**Dataset records:**
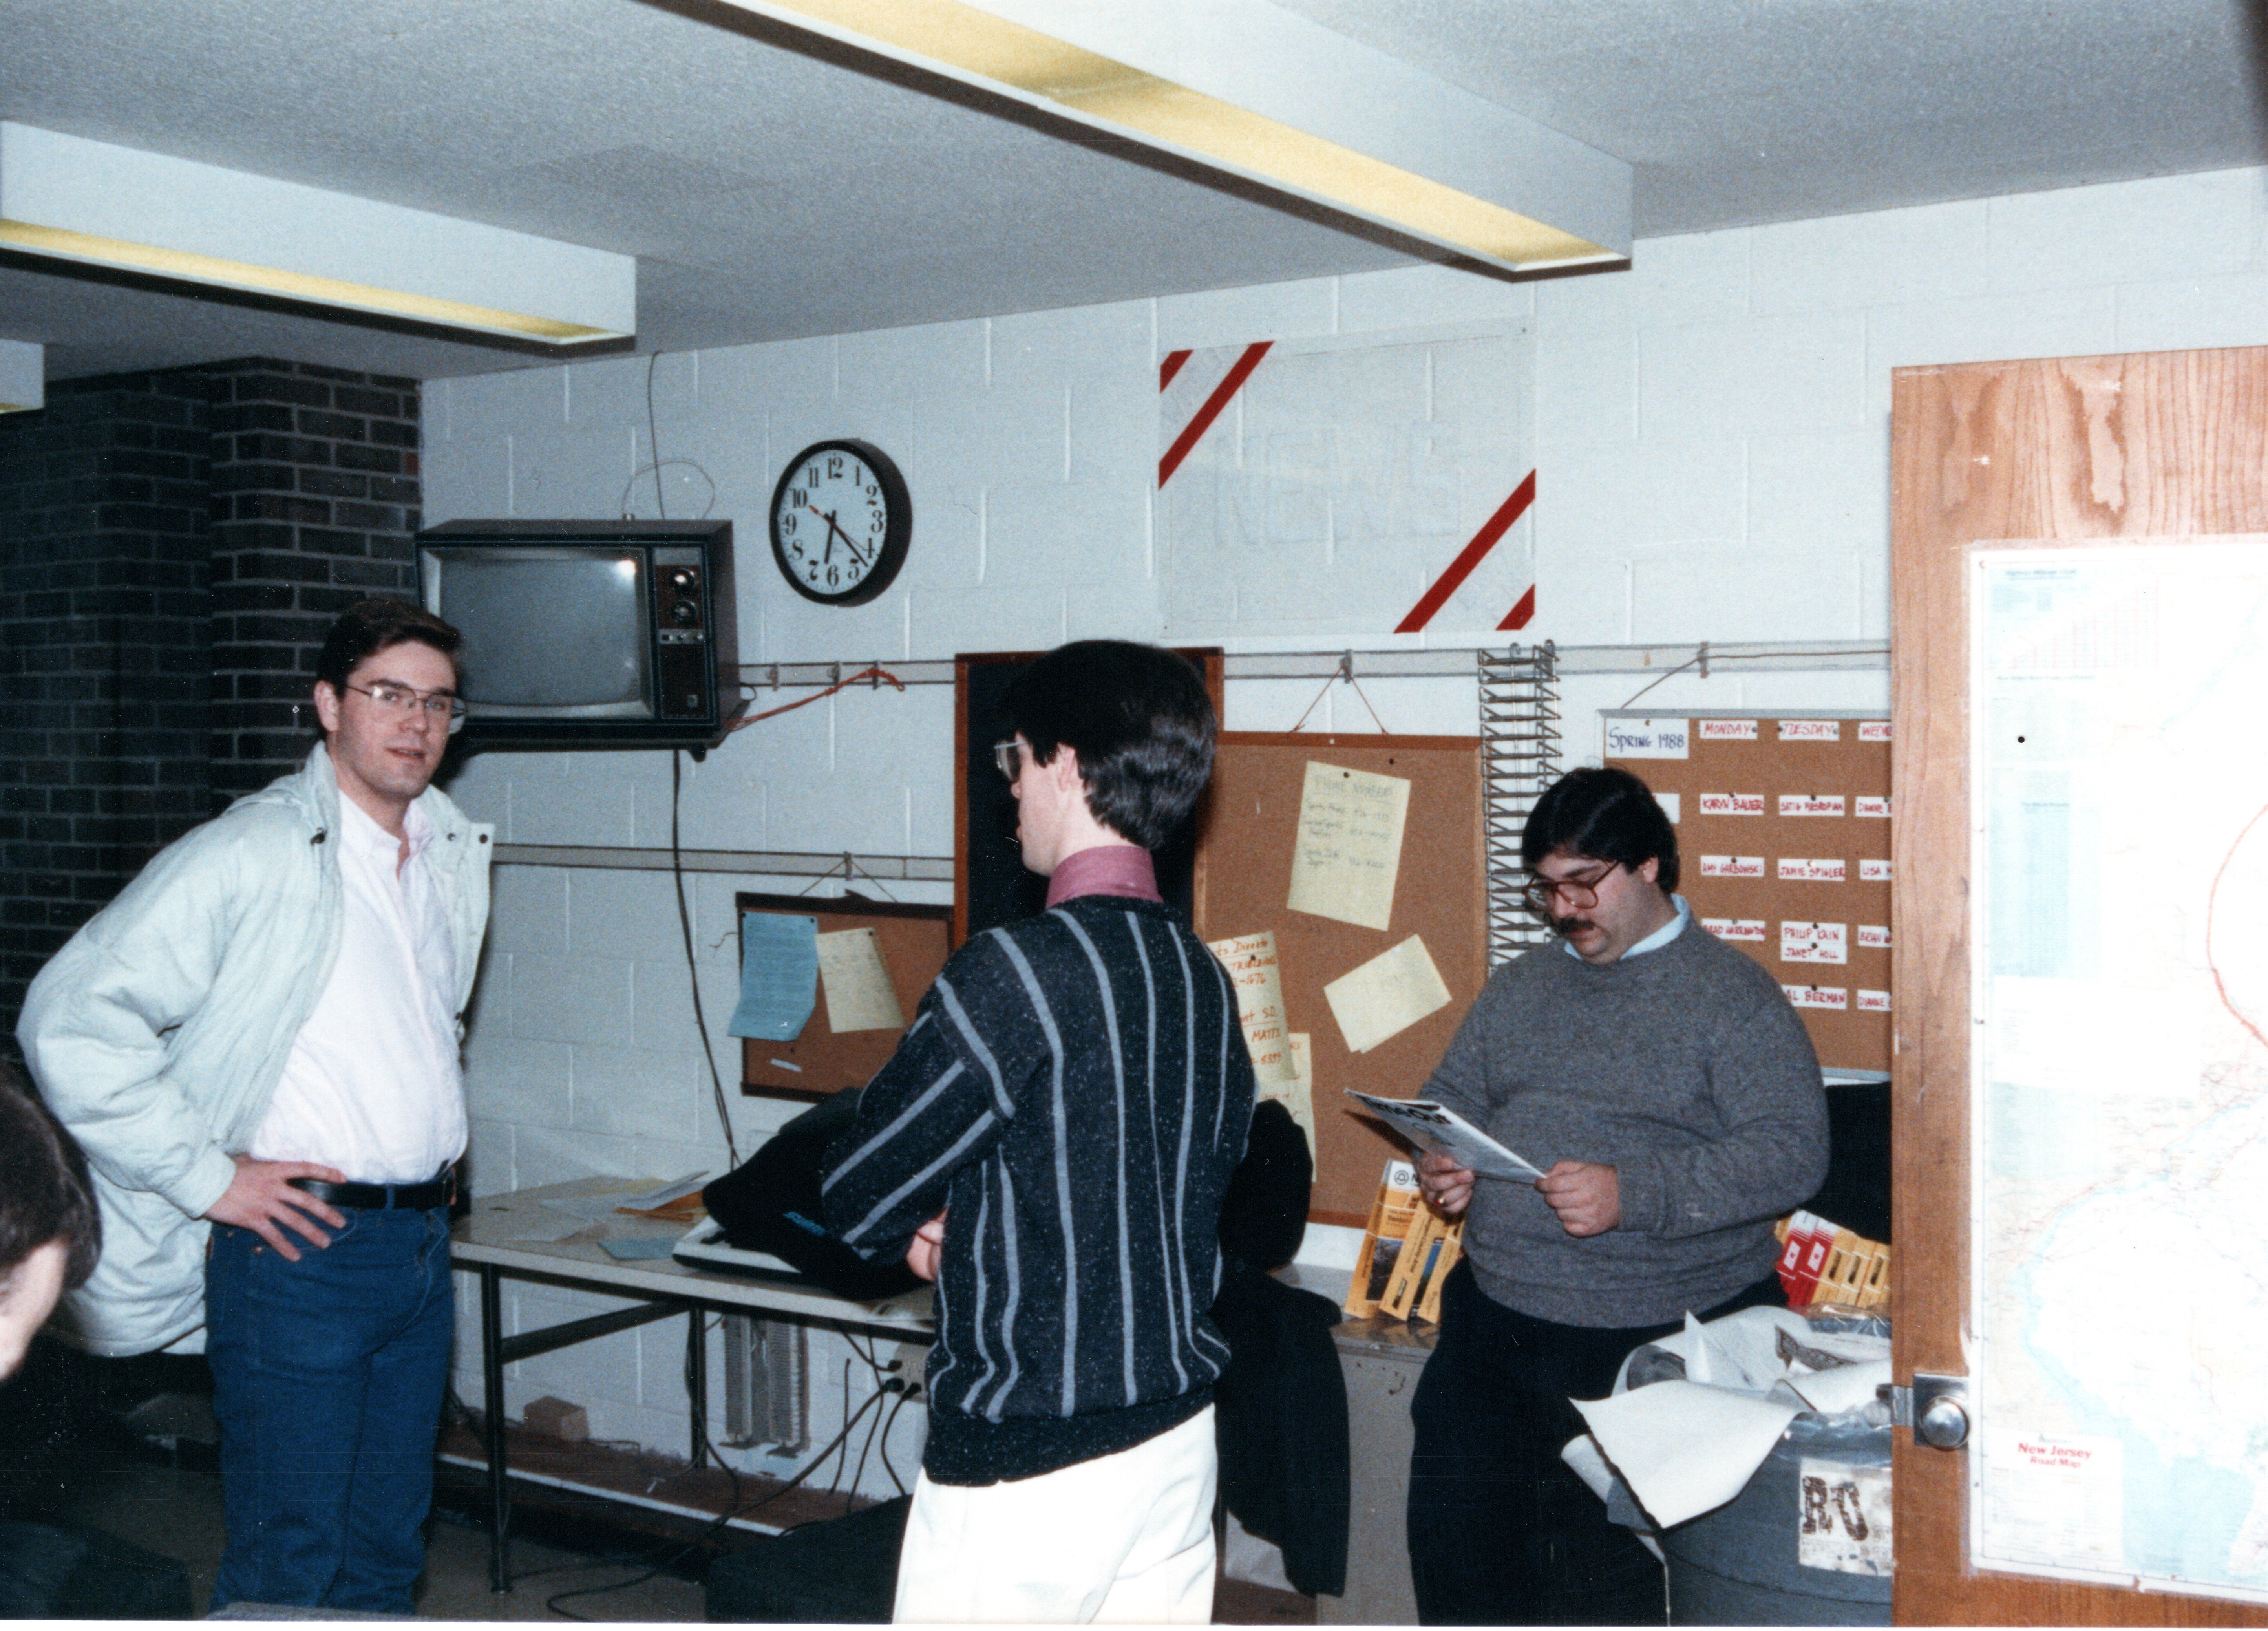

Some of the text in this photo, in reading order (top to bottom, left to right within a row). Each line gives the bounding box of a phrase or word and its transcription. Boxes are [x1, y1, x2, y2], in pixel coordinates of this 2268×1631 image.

---

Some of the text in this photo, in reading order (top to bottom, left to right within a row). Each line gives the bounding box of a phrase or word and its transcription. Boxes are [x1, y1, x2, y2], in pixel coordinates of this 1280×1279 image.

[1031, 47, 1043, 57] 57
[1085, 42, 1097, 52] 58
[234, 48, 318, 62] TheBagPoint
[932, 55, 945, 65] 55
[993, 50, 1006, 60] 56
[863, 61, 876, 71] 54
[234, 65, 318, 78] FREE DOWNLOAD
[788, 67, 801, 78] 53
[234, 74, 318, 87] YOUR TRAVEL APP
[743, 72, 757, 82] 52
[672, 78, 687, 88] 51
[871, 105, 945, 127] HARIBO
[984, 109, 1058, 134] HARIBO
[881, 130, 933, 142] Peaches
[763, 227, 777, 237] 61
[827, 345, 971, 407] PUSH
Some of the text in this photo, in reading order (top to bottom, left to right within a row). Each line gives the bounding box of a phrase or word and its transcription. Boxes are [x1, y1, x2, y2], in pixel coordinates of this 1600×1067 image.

**Exercise aim:**
Return a word-for-word copy of the lines above from the one holding "this 1280×1279 image." through the one holding "this 1600×1067 image.", with both of them included and nothing besides.

**Answer to this exercise:**
Some of the text in this photo, in reading order (top to bottom, left to right within a row). Each line gives the bounding box of a phrase or word and its transcription. Boxes are [x1, y1, x2, y2], in pixel coordinates of this 1280×1279 image.

[1031, 47, 1043, 57] 57
[1085, 42, 1097, 52] 58
[234, 48, 318, 62] TheBagPoint
[932, 55, 945, 65] 55
[993, 50, 1006, 60] 56
[863, 61, 876, 71] 54
[234, 65, 318, 78] FREE DOWNLOAD
[788, 67, 801, 78] 53
[234, 74, 318, 87] YOUR TRAVEL APP
[743, 72, 757, 82] 52
[672, 78, 687, 88] 51
[871, 105, 945, 127] HARIBO
[984, 109, 1058, 134] HARIBO
[881, 130, 933, 142] Peaches
[763, 227, 777, 237] 61
[827, 345, 971, 407] PUSH
Some of the text in this photo, in reading order (top to bottom, left to right within a row). Each line gives the bounding box of a phrase or word and its transcription. Boxes are [x1, y1, x2, y2], in pixel coordinates of this 1600×1067 image.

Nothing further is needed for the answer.